## [Exercise details]
Copy out the data exactly, leaving the pictures behind.

## [Given information]
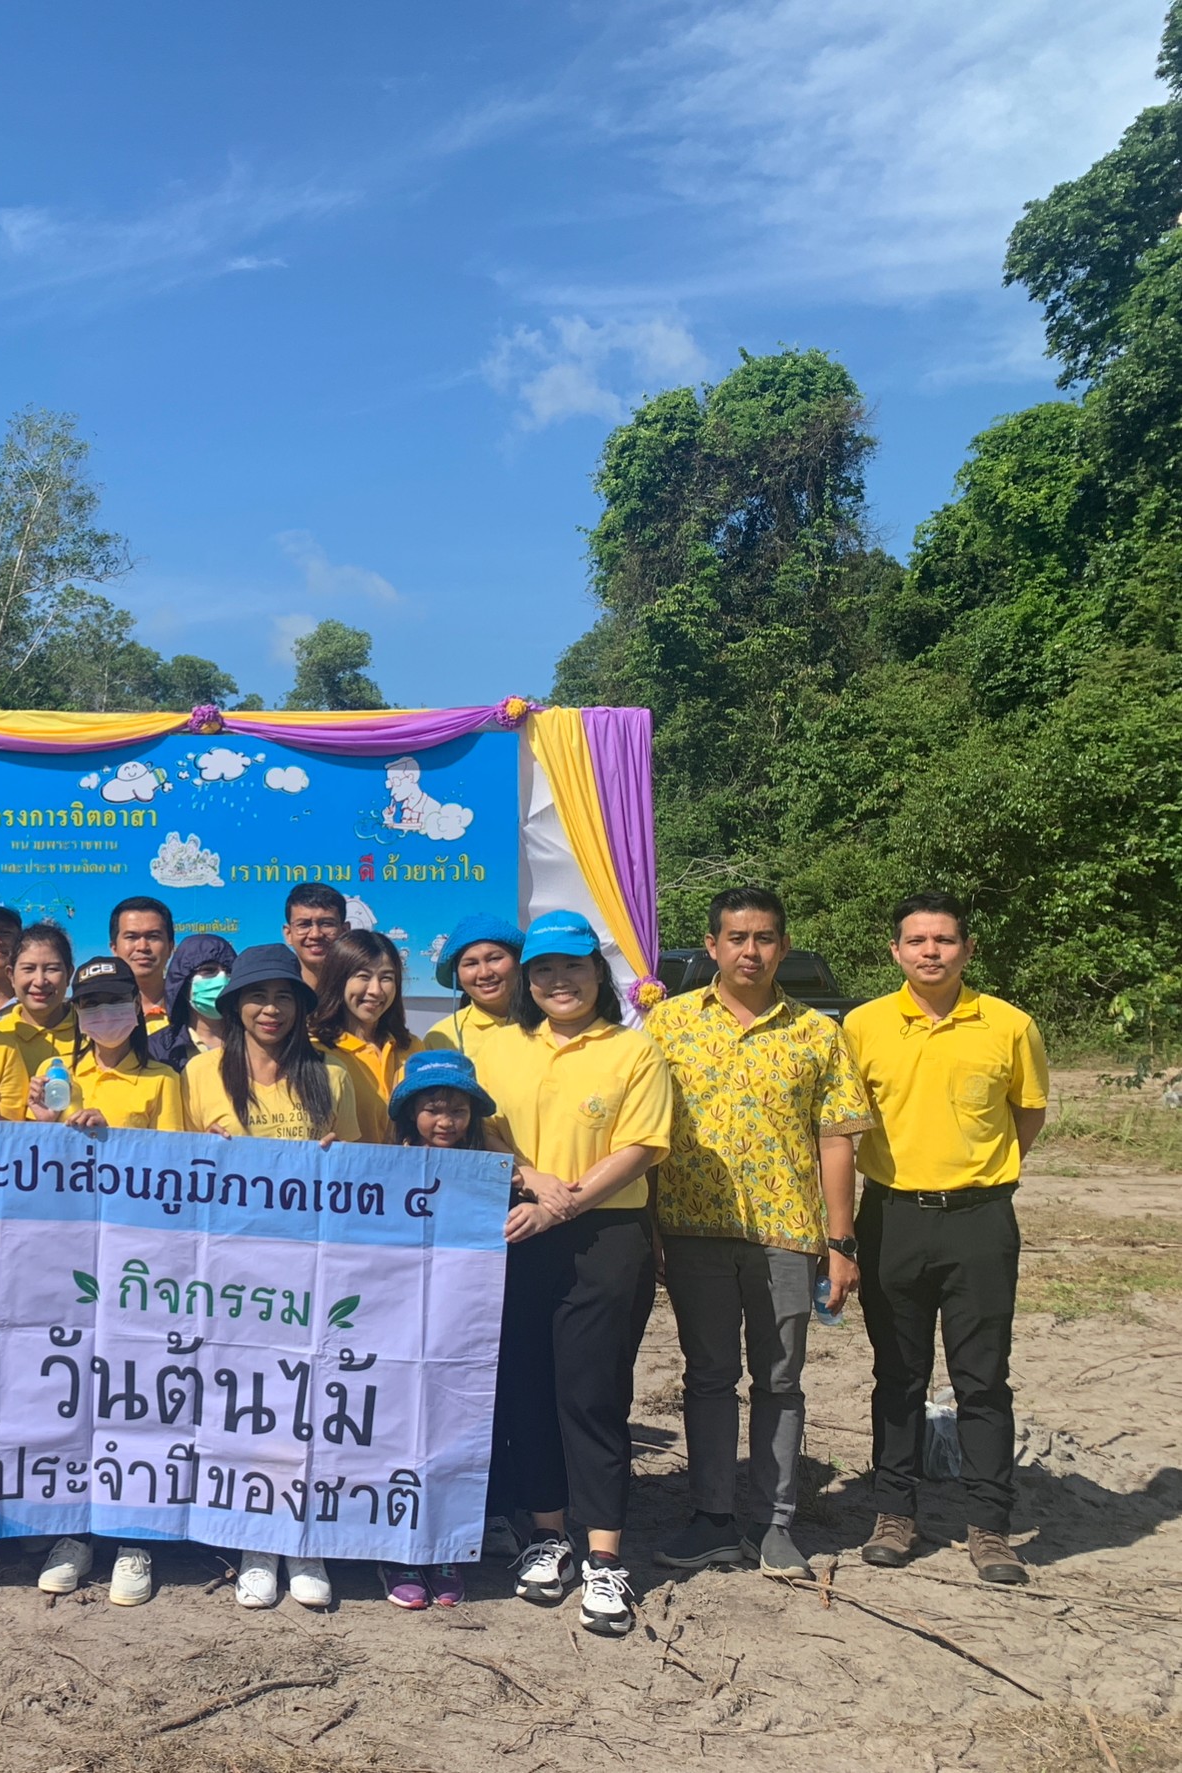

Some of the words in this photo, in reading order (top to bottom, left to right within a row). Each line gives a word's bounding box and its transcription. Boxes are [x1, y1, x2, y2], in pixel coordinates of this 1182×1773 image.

[231, 857, 351, 882] เราทำความ
[358, 854, 375, 882] ดี
[382, 853, 486, 882] ด้วยหัวใจ
[80, 963, 114, 979] JCB
[276, 1126, 304, 1138] SINCE
[404, 1178, 441, 1218] ๔
[119, 1260, 310, 1326] กิจกรรม
[40, 1326, 378, 1447] วันต้นไม้
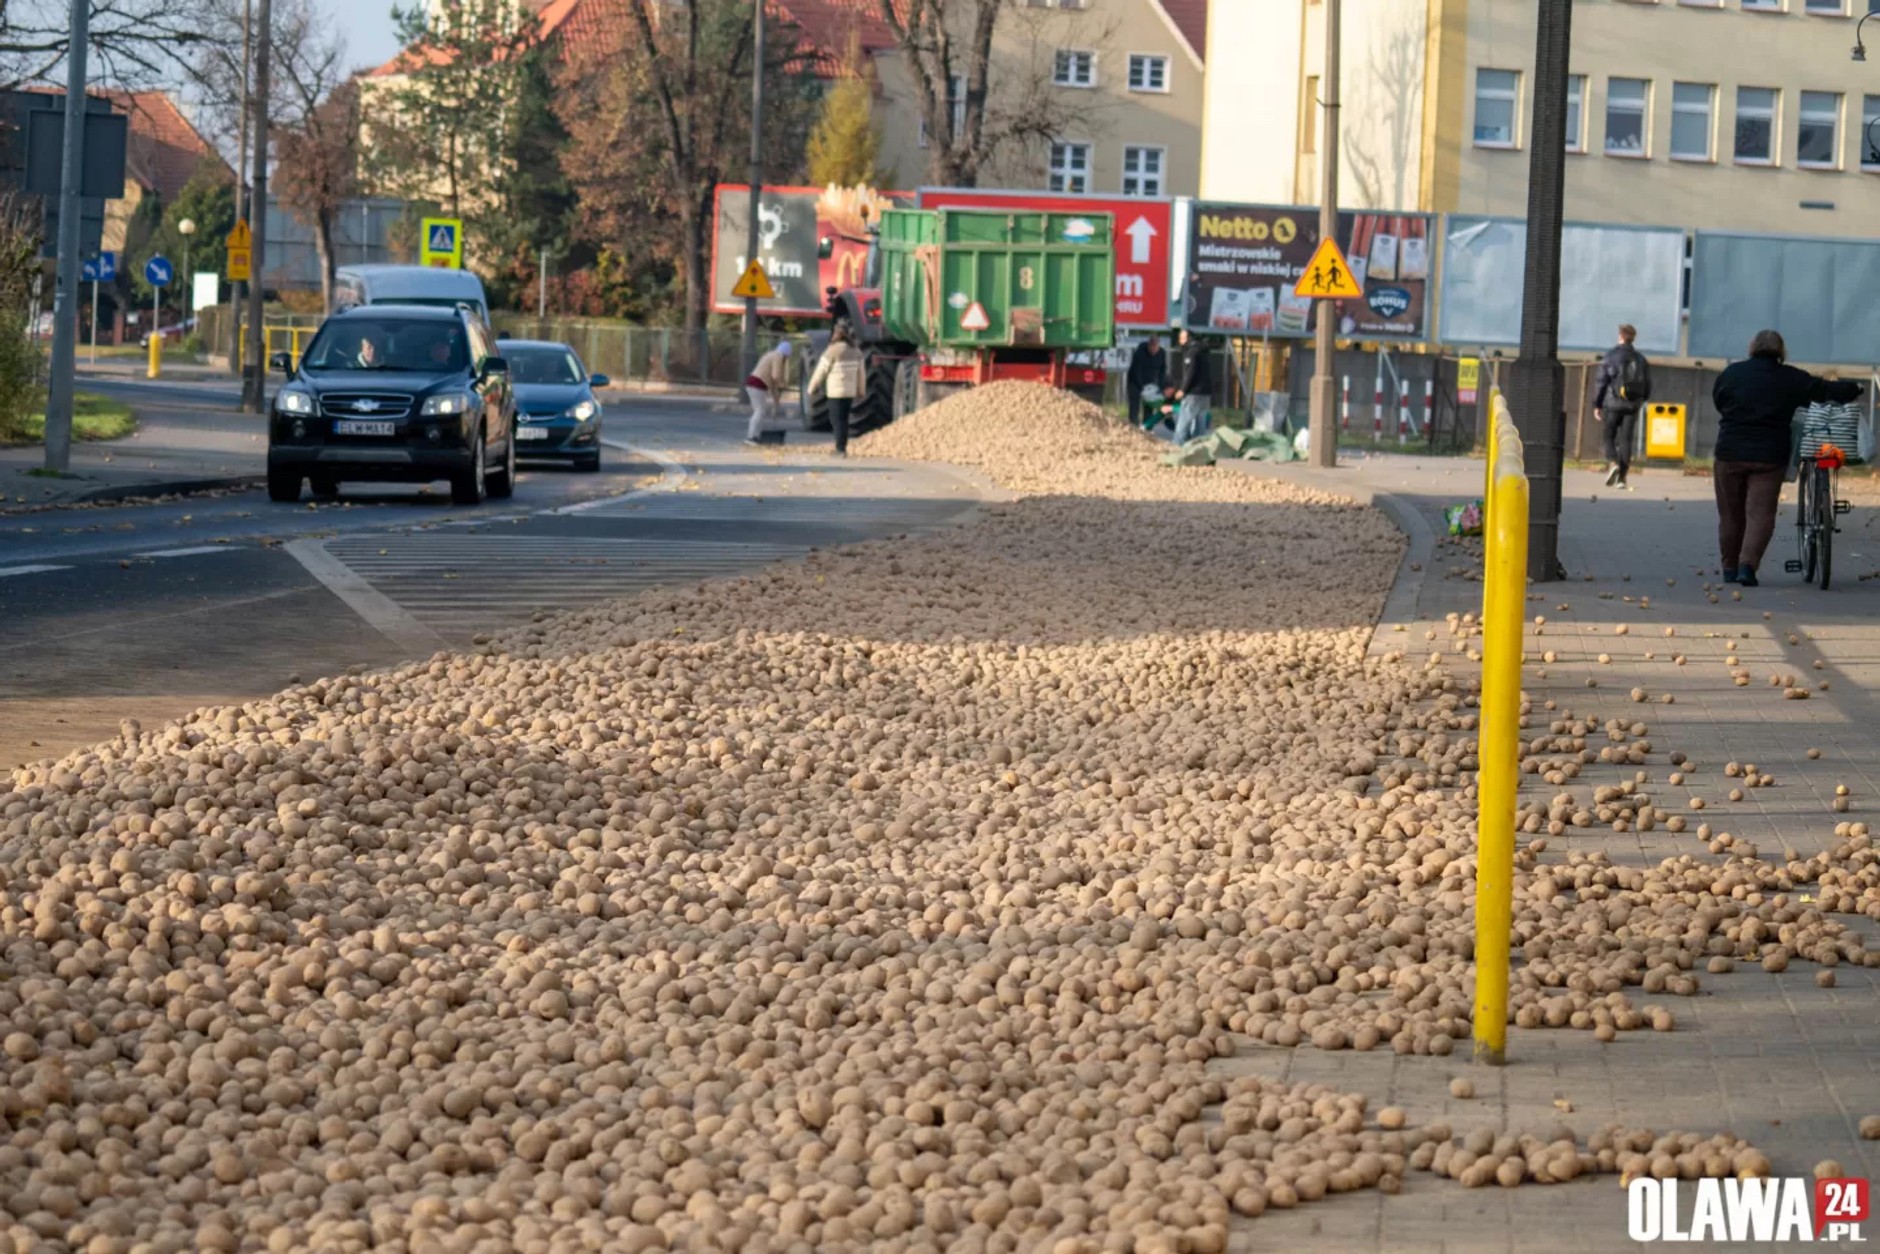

## [Task response]
Some of the words in this photo, in reading order (top to bottom, left to right within a row). Each line gives a word's bounding box and its transcription. Boxes are [x1, y1, x2, y2], in pixel coordinates of this 1182×1773 image.

[231, 857, 351, 882] เราทำความ
[358, 854, 375, 882] ดี
[382, 853, 486, 882] ด้วยหัวใจ
[80, 963, 114, 979] JCB
[276, 1126, 304, 1138] SINCE
[404, 1178, 441, 1218] ๔
[119, 1260, 310, 1326] กิจกรรม
[40, 1326, 378, 1447] วันต้นไม้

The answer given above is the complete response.